• RECORDS TO PROCESS
########################################

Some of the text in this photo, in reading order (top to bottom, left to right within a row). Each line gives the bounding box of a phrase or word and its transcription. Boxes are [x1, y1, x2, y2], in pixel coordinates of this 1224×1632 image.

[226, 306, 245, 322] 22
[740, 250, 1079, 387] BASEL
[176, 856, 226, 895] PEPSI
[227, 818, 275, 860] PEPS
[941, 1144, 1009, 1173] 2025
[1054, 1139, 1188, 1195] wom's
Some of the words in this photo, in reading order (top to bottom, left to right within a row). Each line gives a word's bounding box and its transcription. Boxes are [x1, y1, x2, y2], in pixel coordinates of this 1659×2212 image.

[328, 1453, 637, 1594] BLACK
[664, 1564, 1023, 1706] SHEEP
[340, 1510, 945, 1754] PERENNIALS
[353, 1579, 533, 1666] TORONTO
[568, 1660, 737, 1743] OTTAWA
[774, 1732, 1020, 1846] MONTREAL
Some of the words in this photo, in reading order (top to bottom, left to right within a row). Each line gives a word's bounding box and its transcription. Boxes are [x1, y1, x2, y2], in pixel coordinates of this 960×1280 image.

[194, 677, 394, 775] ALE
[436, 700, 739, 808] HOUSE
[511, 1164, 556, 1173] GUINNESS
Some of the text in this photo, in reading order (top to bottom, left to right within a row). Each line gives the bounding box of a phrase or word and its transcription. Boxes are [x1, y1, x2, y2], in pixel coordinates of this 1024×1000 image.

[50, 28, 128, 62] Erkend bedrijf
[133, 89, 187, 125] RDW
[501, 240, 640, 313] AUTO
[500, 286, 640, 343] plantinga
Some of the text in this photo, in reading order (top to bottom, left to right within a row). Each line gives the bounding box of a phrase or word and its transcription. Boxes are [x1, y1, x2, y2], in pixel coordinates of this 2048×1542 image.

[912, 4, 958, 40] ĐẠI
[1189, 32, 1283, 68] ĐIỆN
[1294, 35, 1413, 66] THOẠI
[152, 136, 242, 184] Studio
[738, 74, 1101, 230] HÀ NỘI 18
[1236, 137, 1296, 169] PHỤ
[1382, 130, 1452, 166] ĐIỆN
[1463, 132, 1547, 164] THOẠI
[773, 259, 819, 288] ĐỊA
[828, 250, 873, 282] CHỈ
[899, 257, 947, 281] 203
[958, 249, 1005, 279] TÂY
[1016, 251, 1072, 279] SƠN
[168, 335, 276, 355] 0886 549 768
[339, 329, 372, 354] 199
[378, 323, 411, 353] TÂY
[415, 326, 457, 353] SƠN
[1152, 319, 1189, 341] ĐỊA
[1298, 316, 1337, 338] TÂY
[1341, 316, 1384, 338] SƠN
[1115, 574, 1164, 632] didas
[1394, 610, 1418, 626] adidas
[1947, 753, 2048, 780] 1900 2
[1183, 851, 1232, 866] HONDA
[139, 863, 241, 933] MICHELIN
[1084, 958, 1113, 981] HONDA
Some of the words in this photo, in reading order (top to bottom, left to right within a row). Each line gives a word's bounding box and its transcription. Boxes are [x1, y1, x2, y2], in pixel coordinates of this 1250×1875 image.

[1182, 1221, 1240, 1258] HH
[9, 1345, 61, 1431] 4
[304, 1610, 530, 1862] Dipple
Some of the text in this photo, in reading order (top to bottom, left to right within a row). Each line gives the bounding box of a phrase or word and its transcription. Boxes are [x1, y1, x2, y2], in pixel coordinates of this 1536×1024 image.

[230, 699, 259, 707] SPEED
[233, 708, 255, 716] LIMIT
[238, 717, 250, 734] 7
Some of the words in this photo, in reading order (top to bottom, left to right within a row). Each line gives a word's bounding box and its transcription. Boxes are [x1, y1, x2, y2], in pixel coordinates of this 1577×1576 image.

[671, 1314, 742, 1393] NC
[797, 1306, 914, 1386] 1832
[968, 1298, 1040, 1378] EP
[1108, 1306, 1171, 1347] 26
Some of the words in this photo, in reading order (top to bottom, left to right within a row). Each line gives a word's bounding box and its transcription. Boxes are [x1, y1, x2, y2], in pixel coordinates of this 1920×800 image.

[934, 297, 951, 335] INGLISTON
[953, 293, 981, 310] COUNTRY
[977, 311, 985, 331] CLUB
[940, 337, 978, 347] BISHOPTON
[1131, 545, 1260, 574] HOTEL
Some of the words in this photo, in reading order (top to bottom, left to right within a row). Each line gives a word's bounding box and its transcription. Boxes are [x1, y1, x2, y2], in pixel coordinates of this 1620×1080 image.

########################################

• YOUR INSTRUCTIONS
Quote, without alteration, the final stretch of the entries: the line with "this 1250×1875 image." onward to the last line.

• EXERCISE RESPONSE
Some of the words in this photo, in reading order (top to bottom, left to right within a row). Each line gives a word's bounding box and its transcription. Boxes are [x1, y1, x2, y2], in pixel coordinates of this 1250×1875 image.

[1182, 1221, 1240, 1258] HH
[9, 1345, 61, 1431] 4
[304, 1610, 530, 1862] Dipple
Some of the text in this photo, in reading order (top to bottom, left to right within a row). Each line gives the bounding box of a phrase or word and its transcription. Boxes are [x1, y1, x2, y2], in pixel coordinates of this 1536×1024 image.

[230, 699, 259, 707] SPEED
[233, 708, 255, 716] LIMIT
[238, 717, 250, 734] 7
Some of the words in this photo, in reading order (top to bottom, left to right within a row). Each line gives a word's bounding box and its transcription. Boxes are [x1, y1, x2, y2], in pixel coordinates of this 1577×1576 image.

[671, 1314, 742, 1393] NC
[797, 1306, 914, 1386] 1832
[968, 1298, 1040, 1378] EP
[1108, 1306, 1171, 1347] 26
Some of the words in this photo, in reading order (top to bottom, left to right within a row). Each line gives a word's bounding box and its transcription. Boxes are [x1, y1, x2, y2], in pixel coordinates of this 1920×800 image.

[934, 297, 951, 335] INGLISTON
[953, 293, 981, 310] COUNTRY
[977, 311, 985, 331] CLUB
[940, 337, 978, 347] BISHOPTON
[1131, 545, 1260, 574] HOTEL
Some of the words in this photo, in reading order (top to bottom, left to right within a row). Each line gives a word's bounding box and its transcription. Boxes are [x1, y1, x2, y2], in pixel coordinates of this 1620×1080 image.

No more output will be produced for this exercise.